Pharmacokinetics and Pharmacodynamics of Recombinant Human Interleukin 12 in Dog and Rabbit Models of Toxicity.

Interleukin 12 (IL-12) is a potent pro-inflammatory Th1 cytokine with transient antitumor effects when given systemically. Local administration has recently shown more promising results, particularly when lower doses are delivered directly to tumor microenvironments, promoting anti-tumor T-cell immunity. In addition, IL-12 holds promise as a mucosal adjuvant. Renewed attention has led to novel delivery strategies that will necessitate pivotal non-clinical toxicology studies.
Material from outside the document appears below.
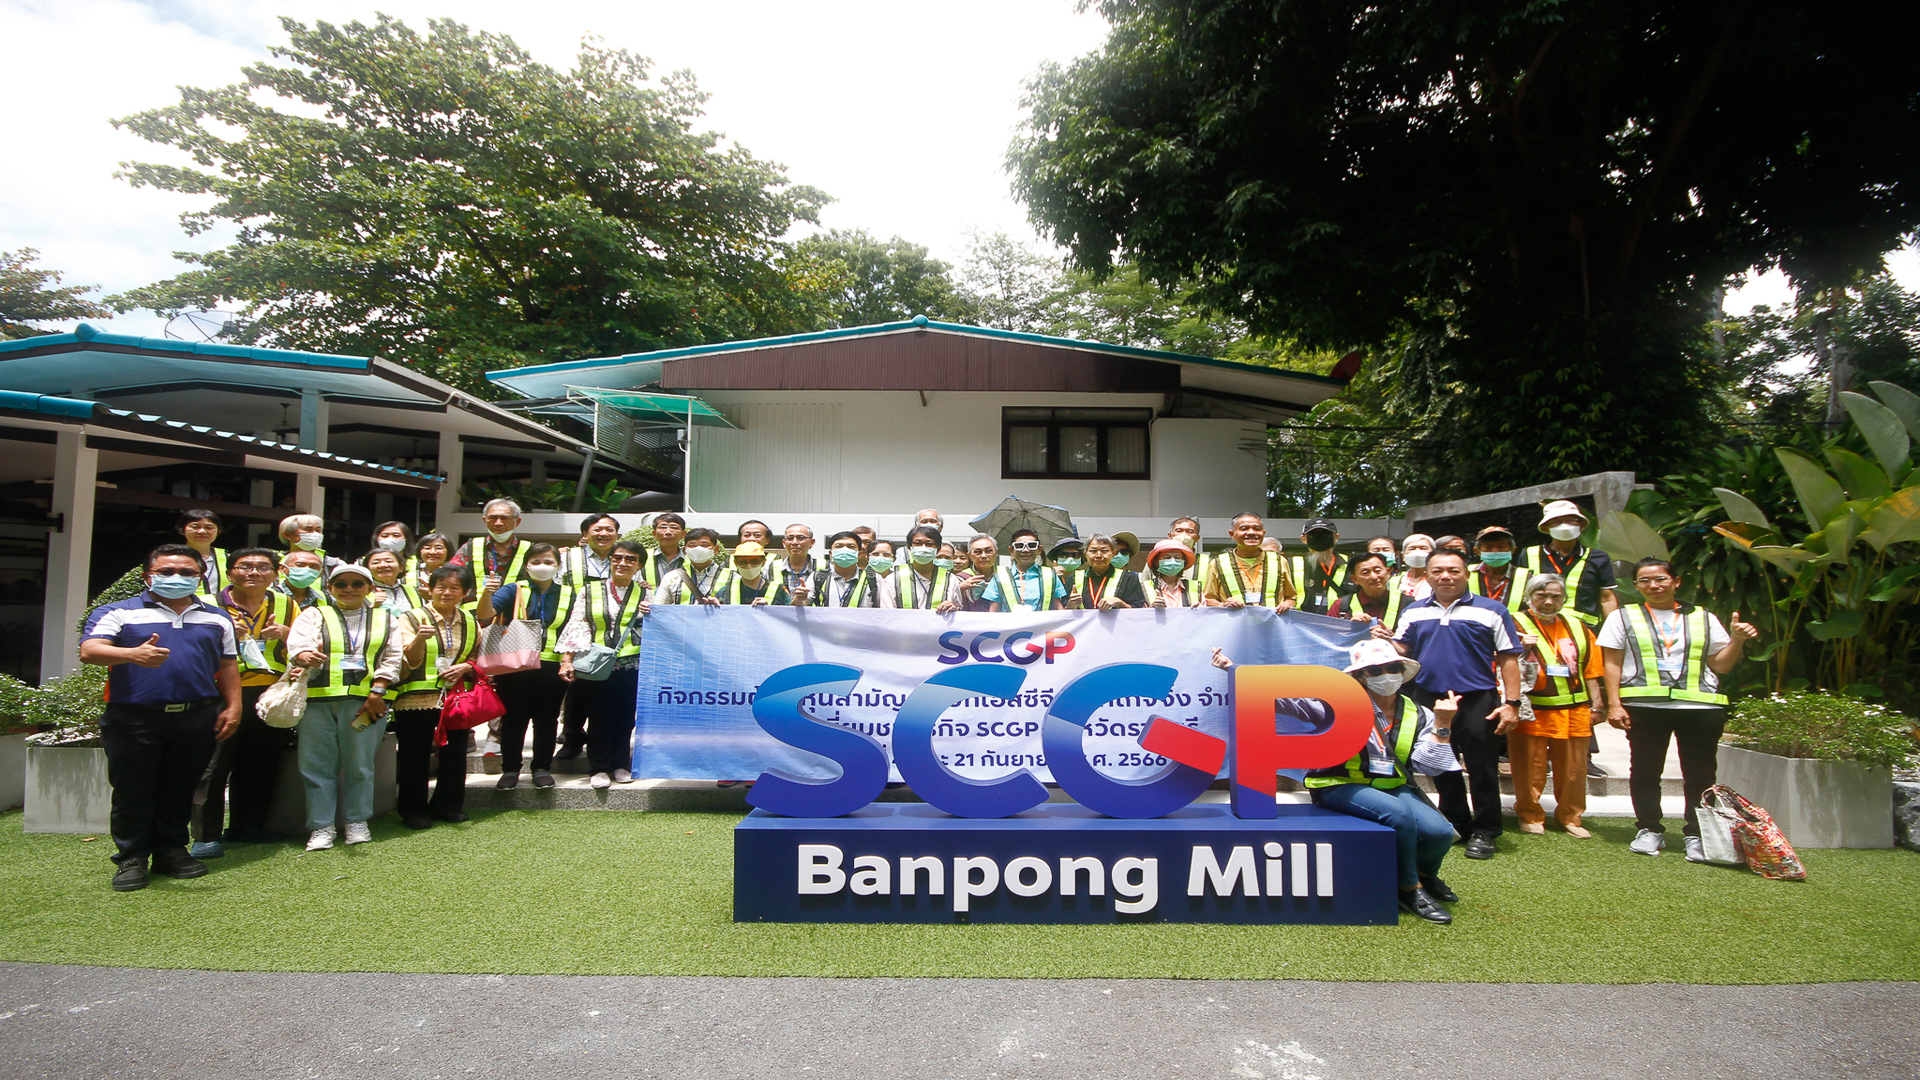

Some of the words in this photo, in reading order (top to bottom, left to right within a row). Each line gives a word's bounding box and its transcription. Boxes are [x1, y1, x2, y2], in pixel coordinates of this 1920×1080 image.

Because recombinant human IL-12 (rhIL-12) is not functional in rodents, non-human primates (NHPs) have traditionally been used for these studies. However, their high cost and ethical concerns incentivize the search for alternative models. To this end, we examined the pharmacodynamics and pharmacokinetics of microencapsulated rhIL-12 in beagle dogs, which displayed expected transient IFNγ increases and hematopoietic and systemic effects similar to those seen in humans. Although New Zealand White (NZW) rabbits were hypothesized to be responsive to rhIL-12, no evidence of activity was observed, despite significant exposure in a study using microencapsulated rhIL-12. These results support beagle dogs as a useful alternative to NHPs for rhIL-12 toxicology studies, while ruling out NZW rabbits as a suitable model. Moreover, sex-based pharmacokinetic differences were observed, which might explain enhanced efficacy with microencapsulated rhIL-12 in several animal models.